Problem: Begin with the line that holds "Some of the text". Write out every line from there to the end of the listing below, word for word.

##########

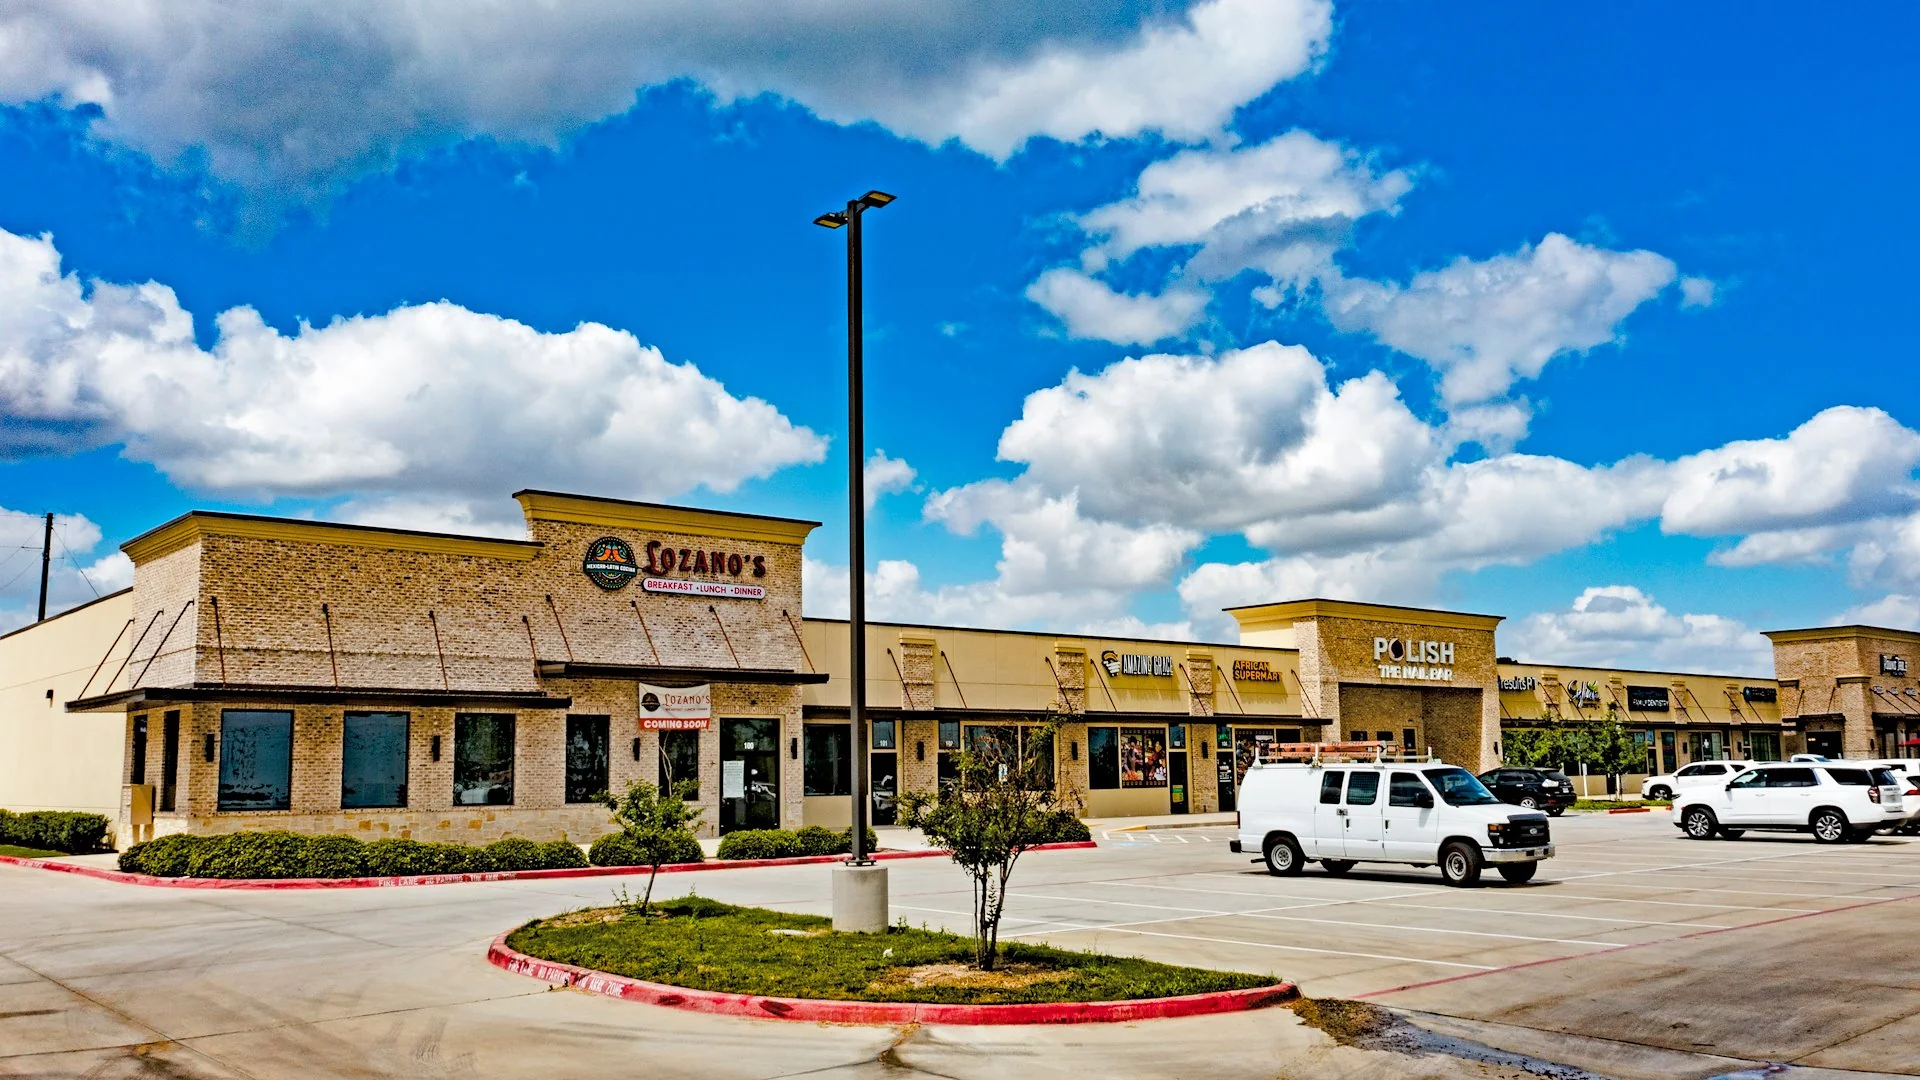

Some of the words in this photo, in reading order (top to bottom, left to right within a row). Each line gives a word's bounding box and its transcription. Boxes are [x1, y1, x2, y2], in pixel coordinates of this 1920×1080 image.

[642, 540, 766, 578] LOZANO'S
[647, 580, 694, 591] BREAKFAST
[700, 584, 727, 594] LUNCH
[734, 586, 762, 597] DINNER
[1373, 637, 1455, 664] POLISH
[1122, 655, 1151, 675] AMAZING
[1153, 656, 1174, 676] GRACE
[1234, 660, 1271, 671] AFRICAN
[1234, 670, 1283, 681] SUPERMART
[1378, 665, 1402, 678] THE
[1402, 666, 1429, 680] NAIL
[1429, 668, 1453, 681] BAR
[662, 693, 710, 707] LOZANO'S
[643, 720, 683, 729] COMING
[683, 720, 707, 729] SOON
[744, 742, 754, 750] 100
[379, 879, 396, 887] FIRE
[399, 878, 418, 887] LANE
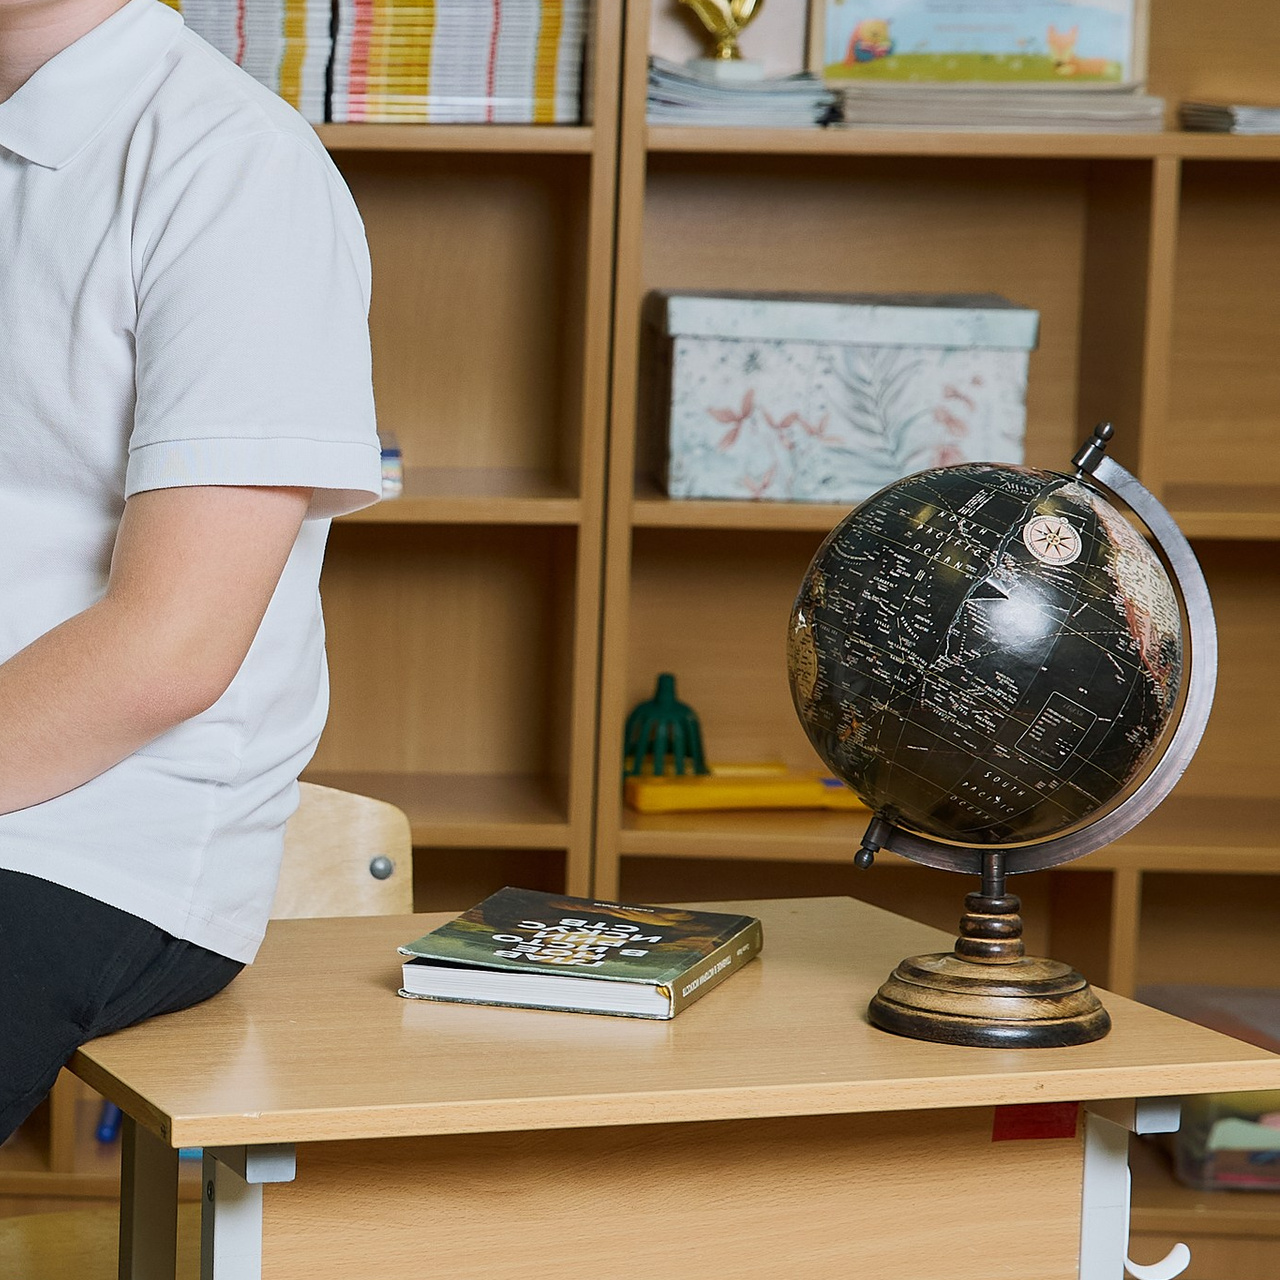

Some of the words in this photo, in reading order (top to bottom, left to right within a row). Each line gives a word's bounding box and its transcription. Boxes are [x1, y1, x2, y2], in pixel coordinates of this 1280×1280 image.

[938, 511, 988, 535] NORTH
[916, 524, 982, 557] PACIFIC
[913, 543, 963, 569] OCEAN
[984, 771, 1026, 797] SOUTH
[950, 795, 990, 819] OCEAN
[962, 781, 1014, 813] PACIFIC
[517, 920, 663, 943] ИСКУС
[559, 918, 640, 933] СТВ
[492, 934, 609, 953] ИСТО
[533, 931, 627, 948] РИИ
[493, 949, 605, 967] ГЛАВ
[512, 944, 606, 960] НОЕ
[619, 949, 649, 957] В
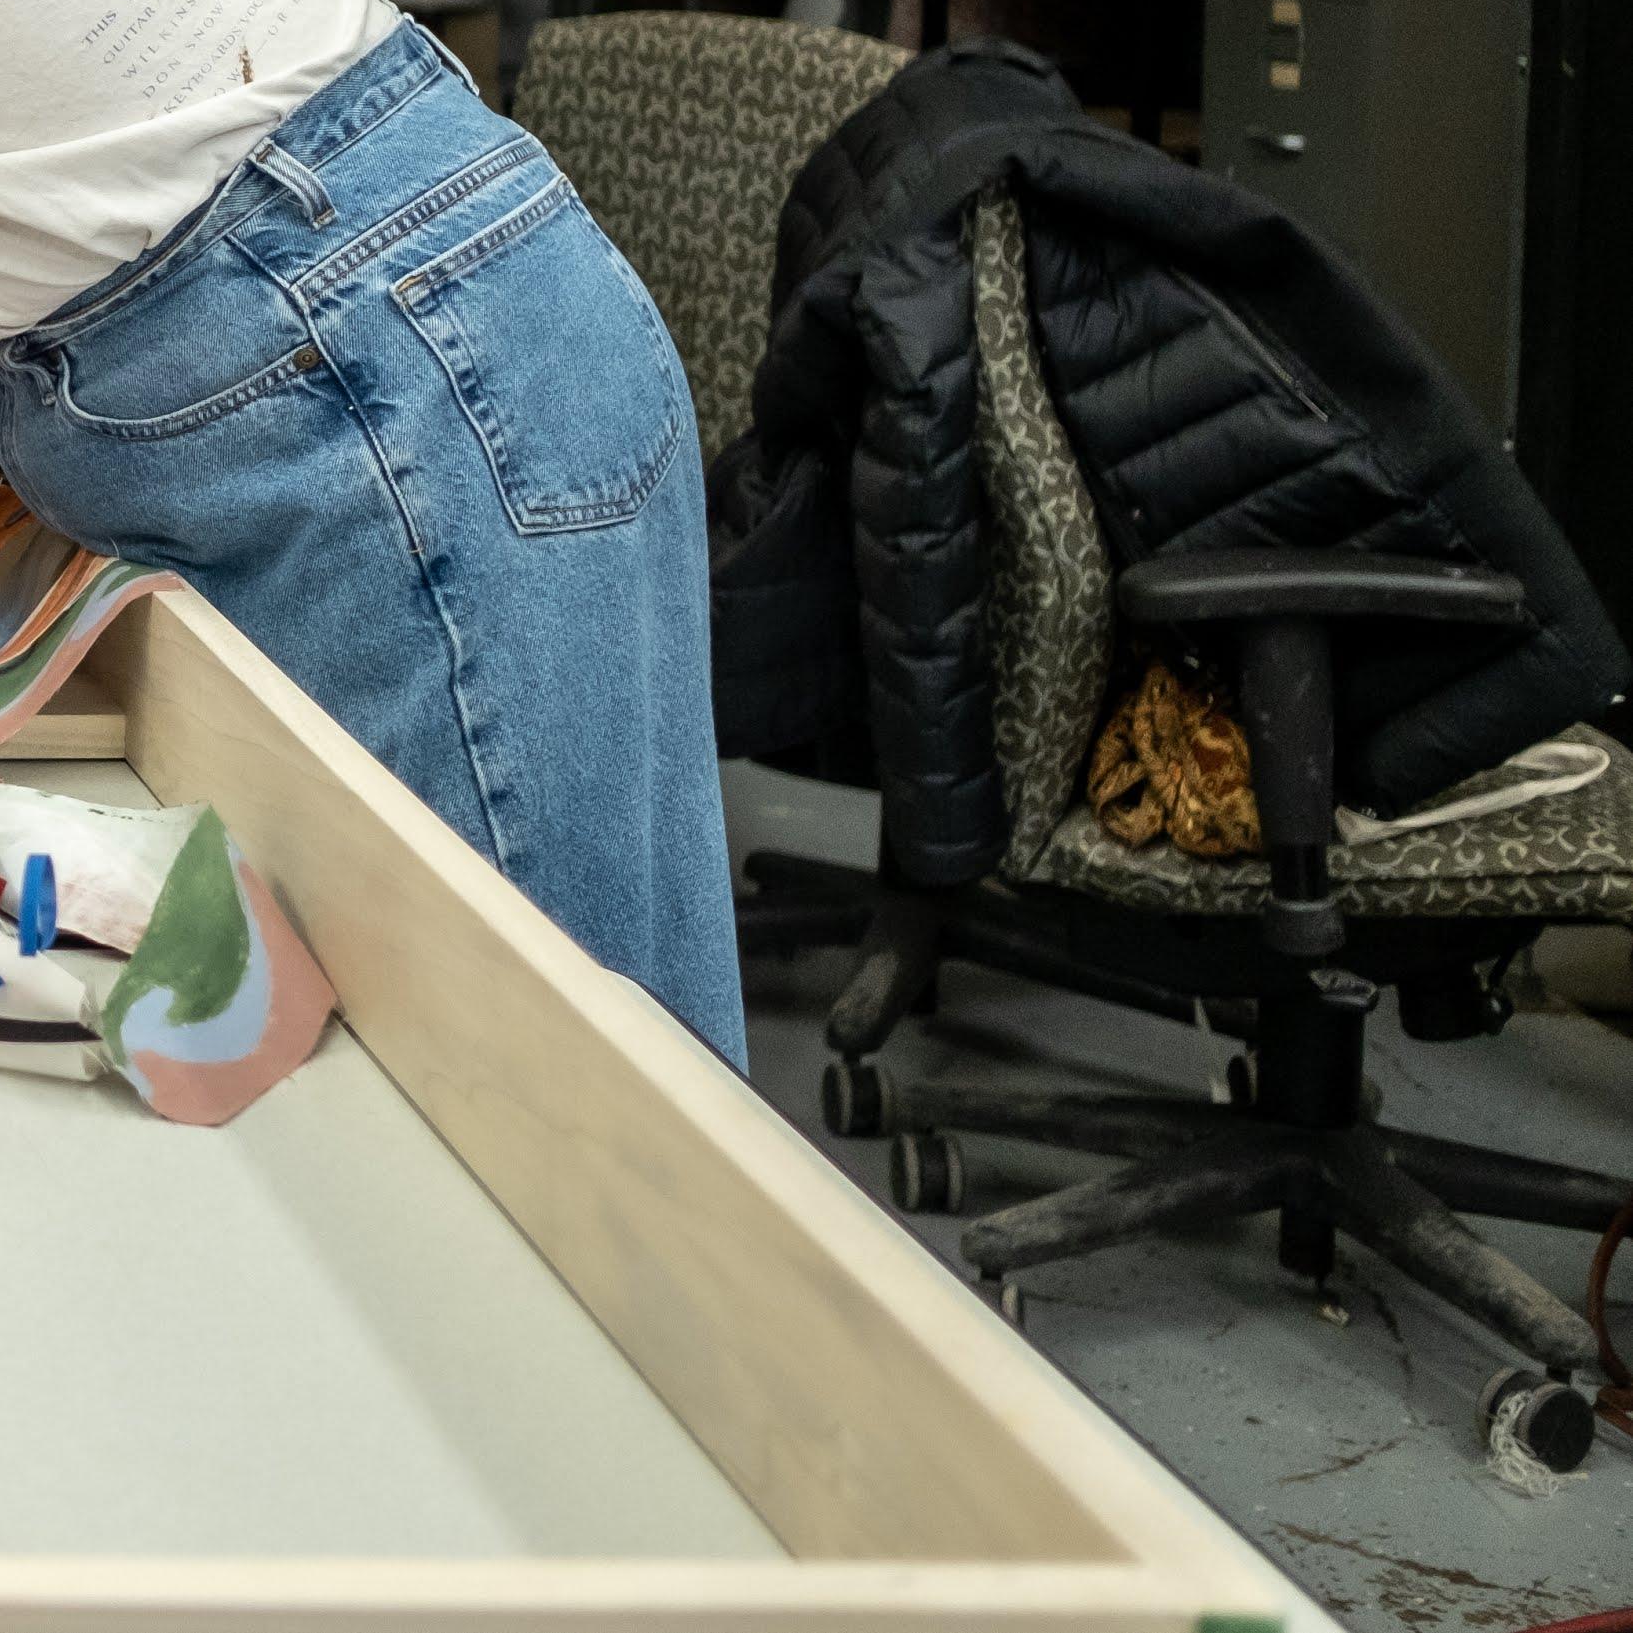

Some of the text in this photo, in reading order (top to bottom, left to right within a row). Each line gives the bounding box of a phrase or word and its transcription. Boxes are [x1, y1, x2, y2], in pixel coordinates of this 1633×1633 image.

[84, 9, 118, 45] THIS
[103, 6, 157, 65] GUITAR
[142, 56, 182, 100] DON
[185, 2, 225, 50] SNOW

##########

Output for this task:
Some of the text in this photo, in reading order (top to bottom, left to right within a row). Each line gives the bounding box of a phrase or word and its transcription. Boxes are [x1, y1, x2, y2], in pixel coordinates of this 1633×1633 image.

[84, 9, 118, 45] THIS
[103, 6, 157, 65] GUITAR
[142, 56, 182, 100] DON
[185, 2, 225, 50] SNOW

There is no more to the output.